* _EXERCISE PROMPT_:
Skipping the images, transcribe each record below as it is.

# # #

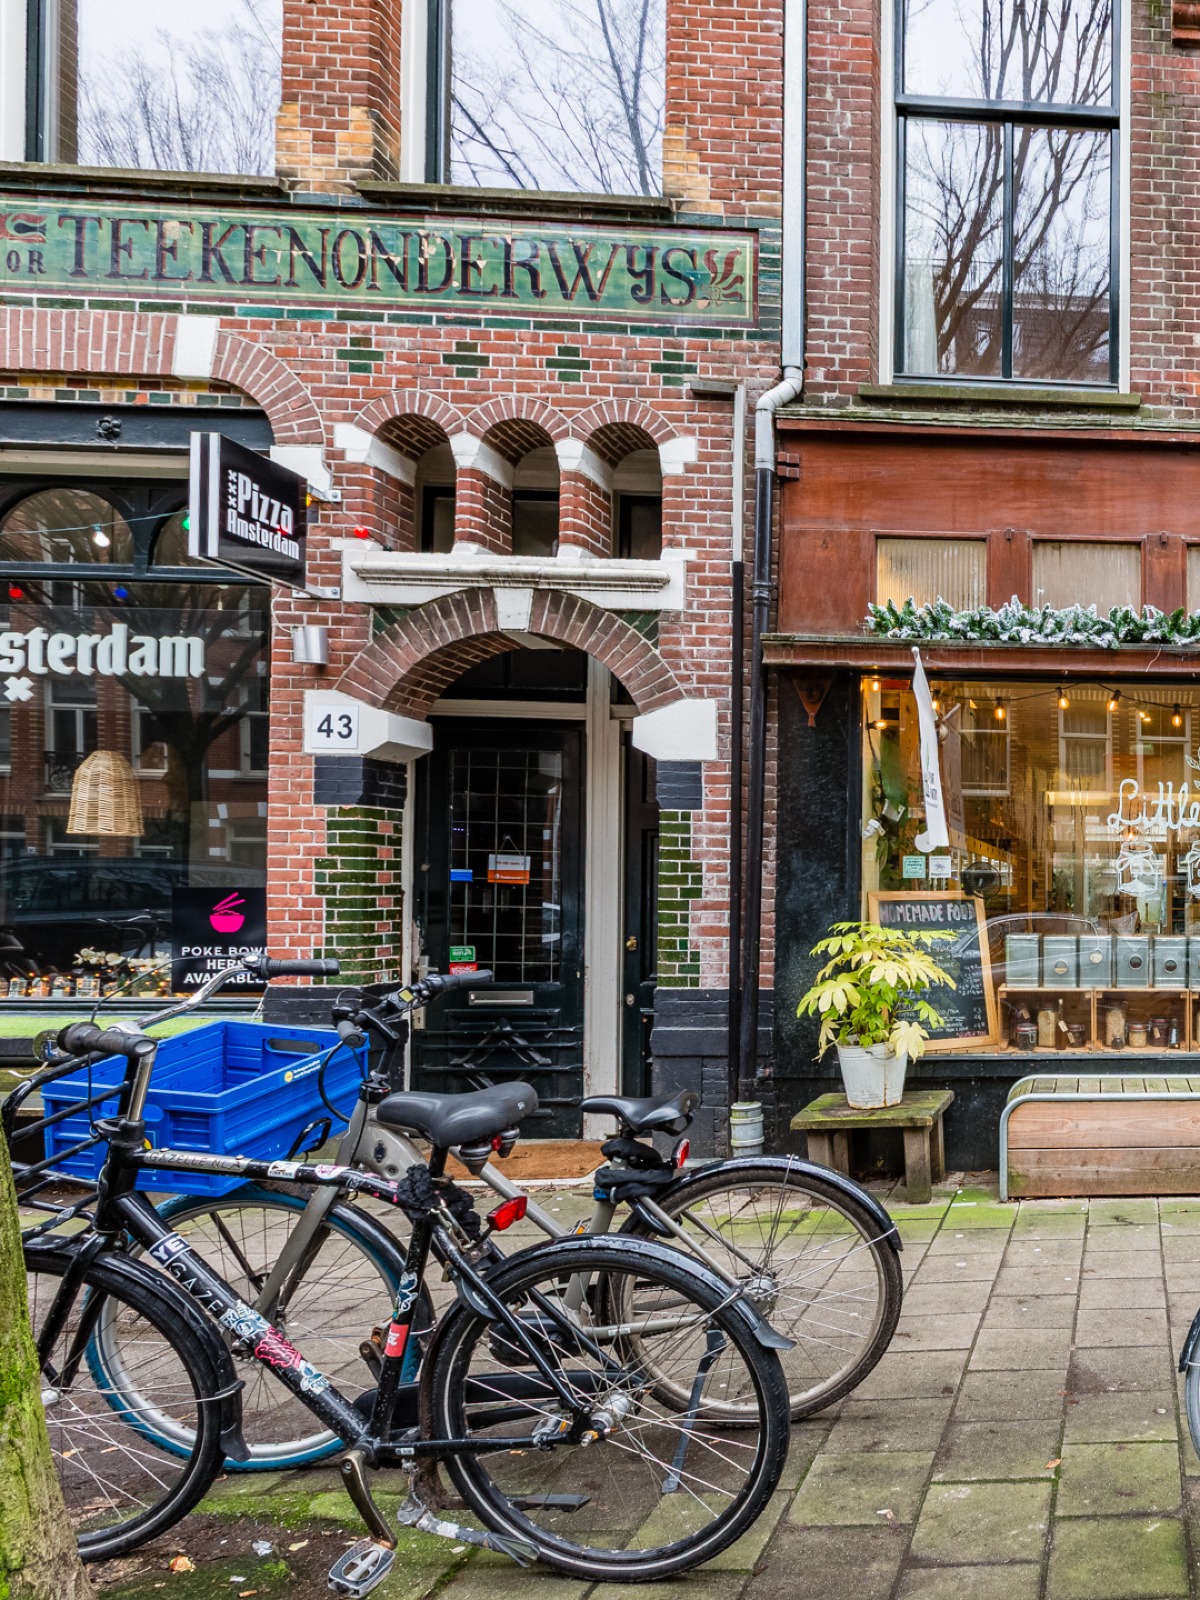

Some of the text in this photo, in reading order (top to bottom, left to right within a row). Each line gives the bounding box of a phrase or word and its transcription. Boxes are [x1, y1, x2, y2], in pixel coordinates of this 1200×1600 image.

[237, 472, 294, 535] Pizza
[227, 508, 299, 560] Amsterdam
[0, 623, 206, 678] sterdam
[317, 713, 353, 739] 43
[880, 902, 976, 922] HOMEMADE FOOD
[181, 946, 222, 957] POKE
[149, 1151, 207, 1166] GAZELLE

# # #

* _SOLUTION TO THE EXERCISE_:
Some of the text in this photo, in reading order (top to bottom, left to right within a row). Each line gives the bounding box of a phrase or word and its transcription. Boxes are [x1, y1, x2, y2], in pixel coordinates of this 1200×1600 image.

[237, 472, 294, 535] Pizza
[227, 508, 299, 560] Amsterdam
[0, 623, 206, 678] sterdam
[317, 713, 353, 739] 43
[880, 902, 976, 922] HOMEMADE FOOD
[181, 946, 222, 957] POKE
[149, 1151, 207, 1166] GAZELLE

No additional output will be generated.